→ **What the task asks**: Exactly as written, please repeat the data that follows, but not the pictures.

→ **Data supplied**:
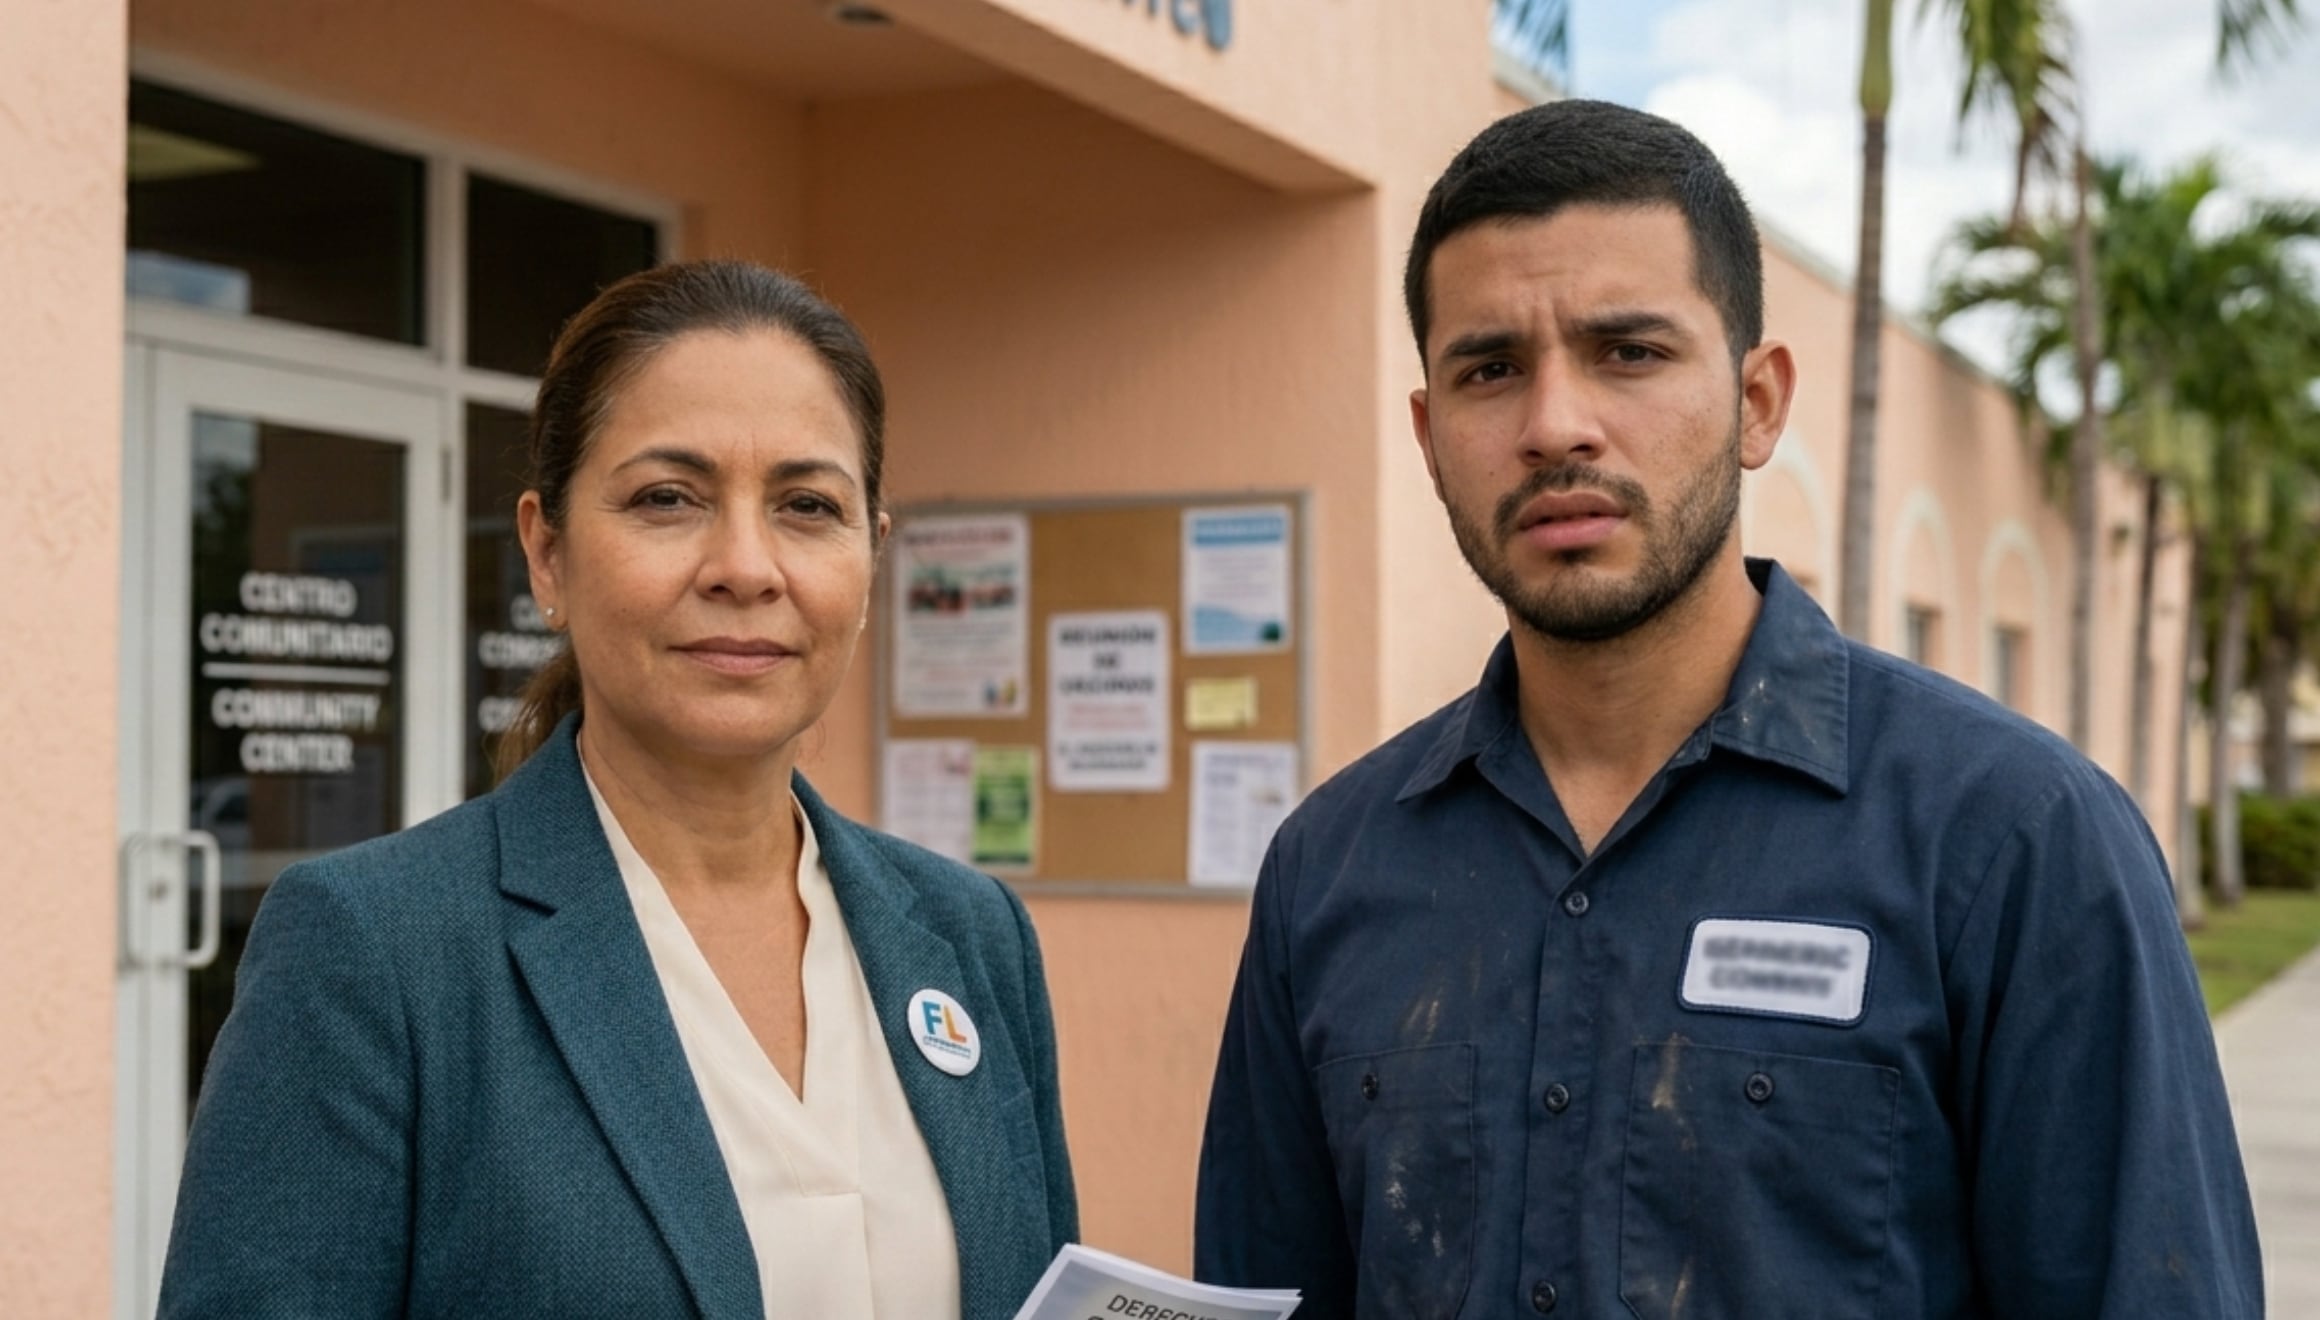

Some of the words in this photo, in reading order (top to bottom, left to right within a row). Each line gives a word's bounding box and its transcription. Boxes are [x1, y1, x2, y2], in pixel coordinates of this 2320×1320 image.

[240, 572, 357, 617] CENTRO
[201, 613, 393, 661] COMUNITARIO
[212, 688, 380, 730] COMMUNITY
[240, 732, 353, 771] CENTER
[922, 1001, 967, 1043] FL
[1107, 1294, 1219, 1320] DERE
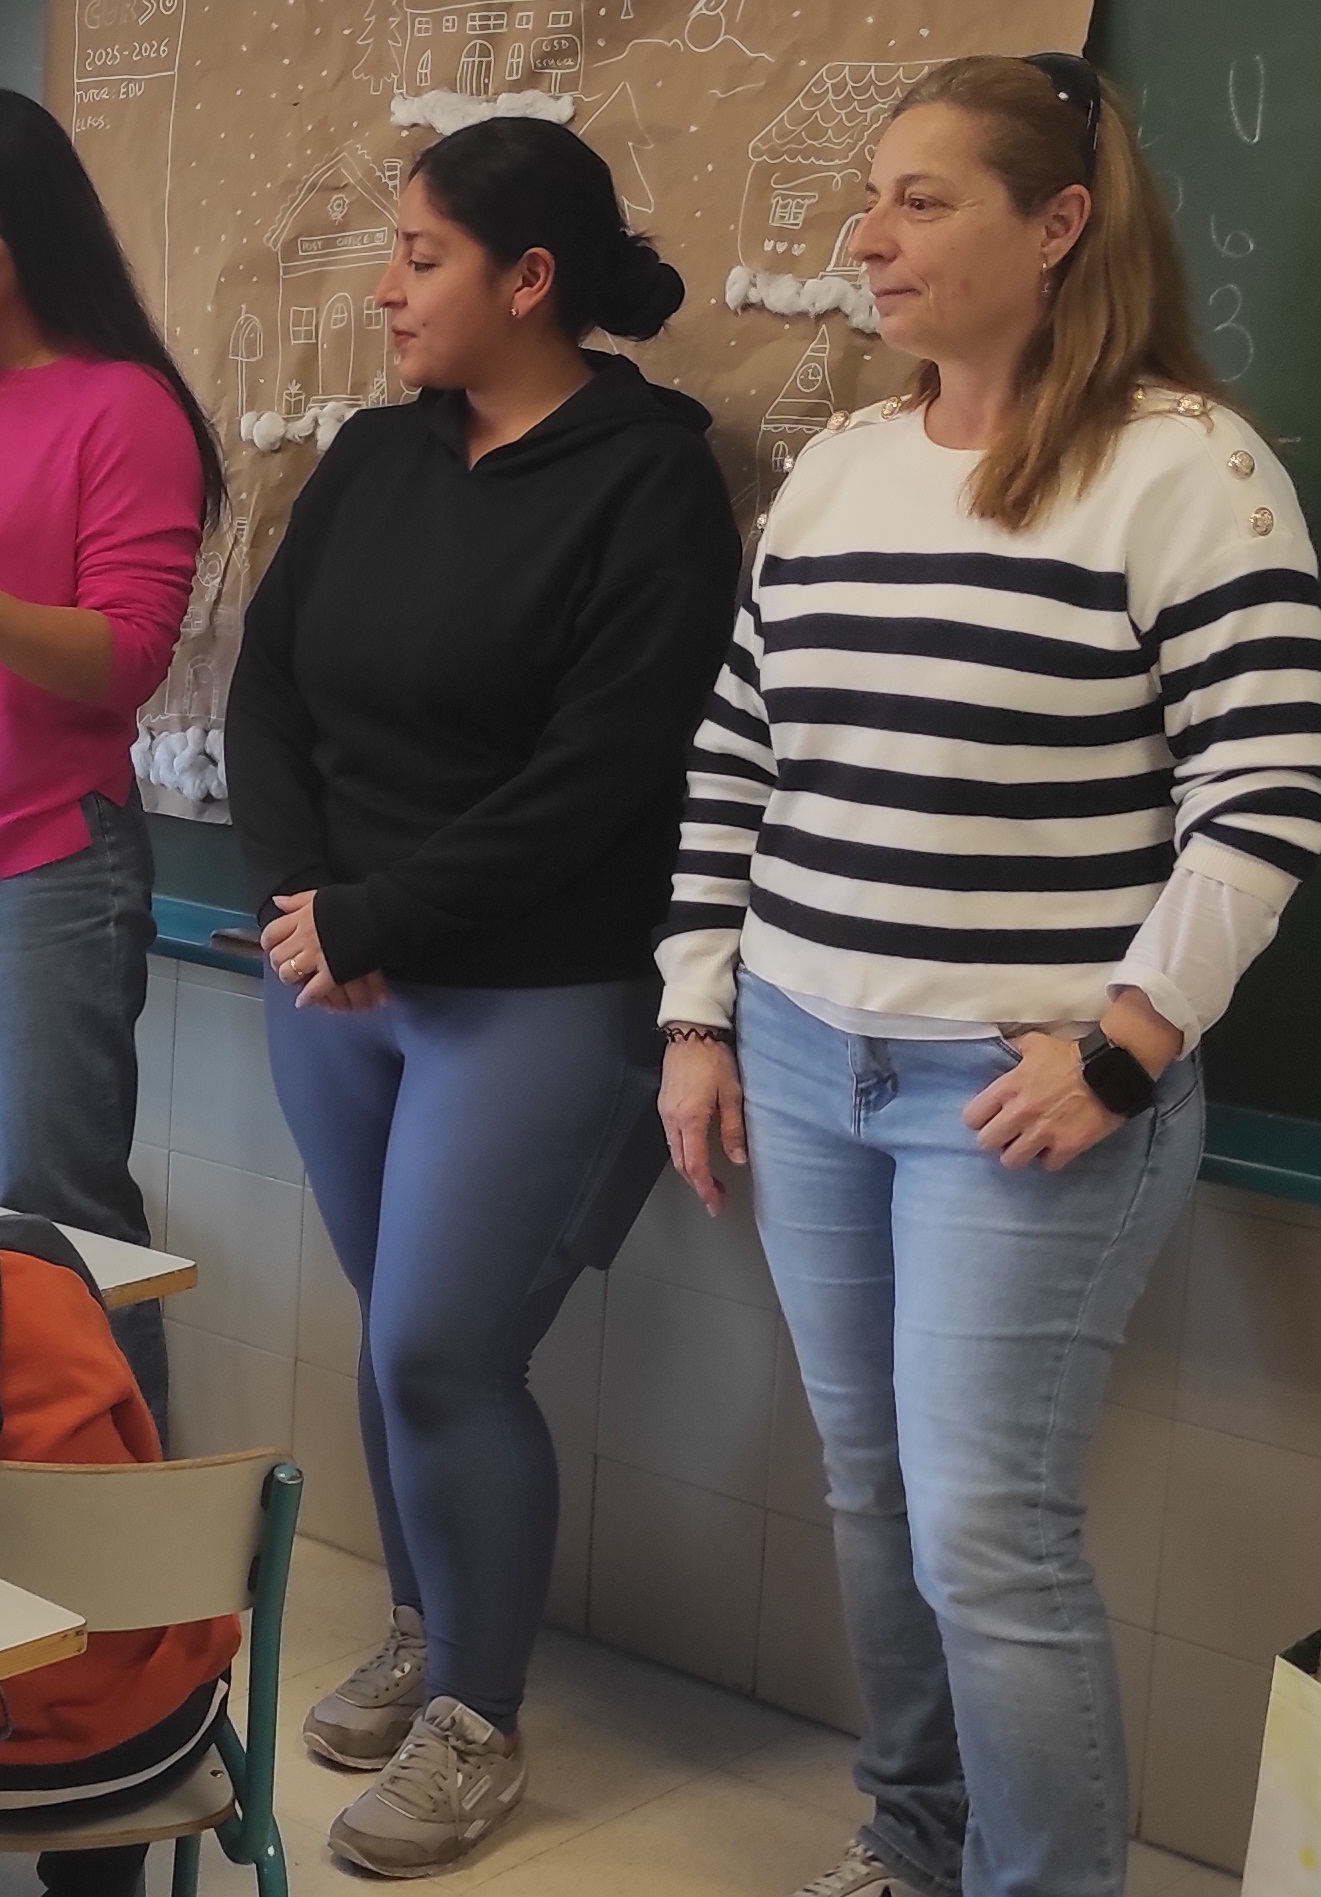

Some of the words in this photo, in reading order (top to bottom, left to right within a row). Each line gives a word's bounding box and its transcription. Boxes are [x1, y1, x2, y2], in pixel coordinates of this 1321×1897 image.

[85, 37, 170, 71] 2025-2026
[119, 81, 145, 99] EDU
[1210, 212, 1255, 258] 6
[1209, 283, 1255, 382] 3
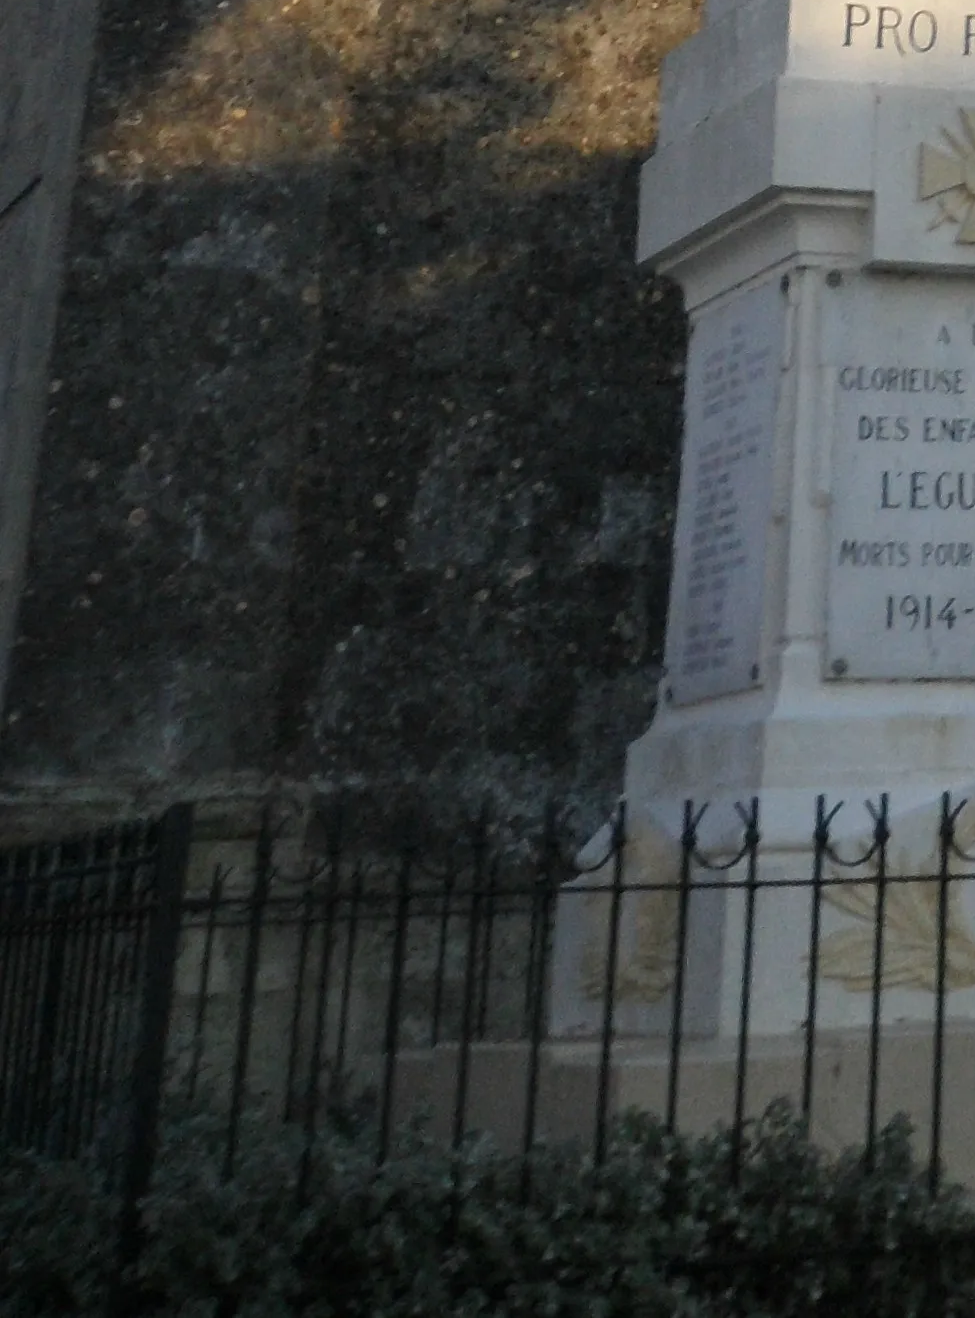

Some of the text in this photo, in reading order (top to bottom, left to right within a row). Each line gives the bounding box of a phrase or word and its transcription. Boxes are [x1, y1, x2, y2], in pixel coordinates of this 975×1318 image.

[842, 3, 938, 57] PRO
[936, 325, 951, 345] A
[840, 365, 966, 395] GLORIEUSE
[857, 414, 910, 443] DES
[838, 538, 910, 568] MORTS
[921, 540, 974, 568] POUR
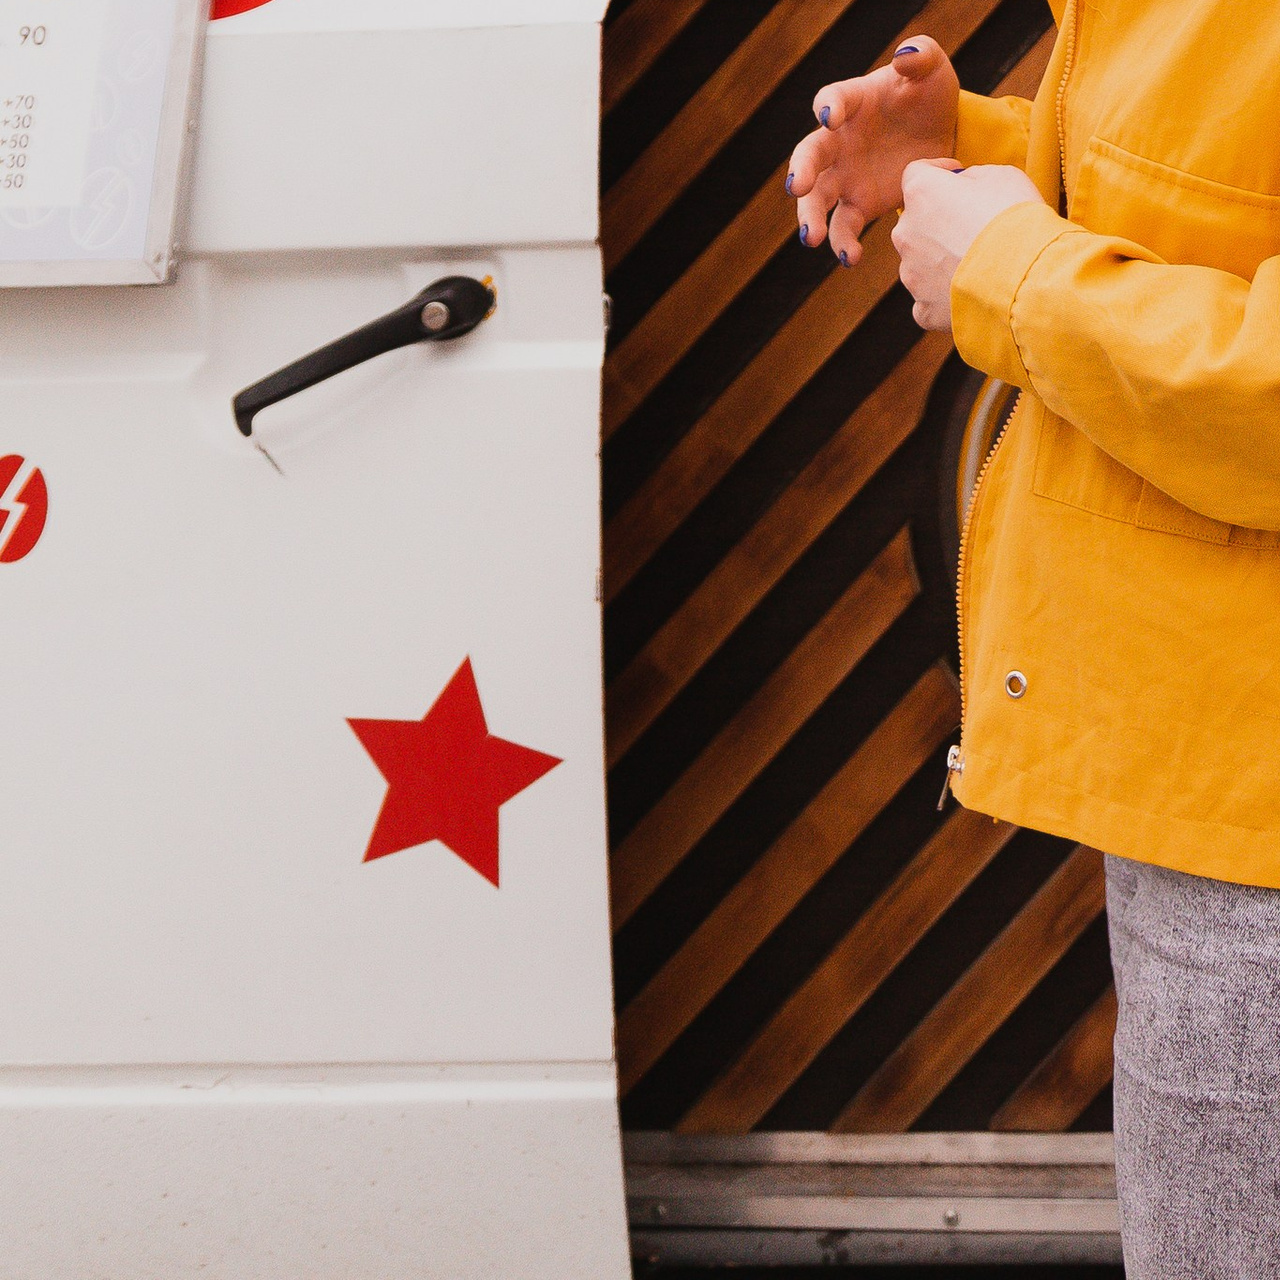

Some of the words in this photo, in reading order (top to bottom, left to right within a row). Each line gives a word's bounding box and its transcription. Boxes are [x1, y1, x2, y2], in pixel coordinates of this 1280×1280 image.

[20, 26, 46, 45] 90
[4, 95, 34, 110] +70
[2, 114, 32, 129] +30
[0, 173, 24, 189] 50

→ **Exercise response**:
Some of the words in this photo, in reading order (top to bottom, left to right within a row). Each line gives a word's bounding box and its transcription. Boxes are [x1, y1, x2, y2], in pixel coordinates of this 2320×1320 image.

[240, 572, 357, 617] CENTRO
[201, 613, 393, 661] COMUNITARIO
[212, 688, 380, 730] COMMUNITY
[240, 732, 353, 771] CENTER
[922, 1001, 967, 1043] FL
[1107, 1294, 1219, 1320] DERE

Some of the words in this photo, in reading order (top to bottom, left to right within a row). Each line gives a word's bounding box and its transcription. Boxes are [x1, y1, x2, y2], in pixel coordinates of this 1321×1897 image.

[85, 37, 170, 71] 2025-2026
[119, 81, 145, 99] EDU
[1210, 212, 1255, 258] 6
[1209, 283, 1255, 382] 3

Some of the text in this photo, in reading order (top to bottom, left to right within a row). Each line gives the bounding box of a phrase or word and its transcription. Boxes are [x1, y1, x2, y2], in pixel coordinates of this 975×1318 image.

[842, 3, 938, 57] PRO
[936, 325, 951, 345] A
[840, 365, 966, 395] GLORIEUSE
[857, 414, 910, 443] DES
[838, 538, 910, 568] MORTS
[921, 540, 974, 568] POUR

Some of the words in this photo, in reading order (top to bottom, left to right within a row). Each line gives a word's bounding box and its transcription. Boxes are [x1, y1, x2, y2], in pixel coordinates of this 1280×1280 image.

[20, 26, 46, 45] 90
[4, 95, 34, 110] +70
[2, 114, 32, 129] +30
[0, 173, 24, 189] 50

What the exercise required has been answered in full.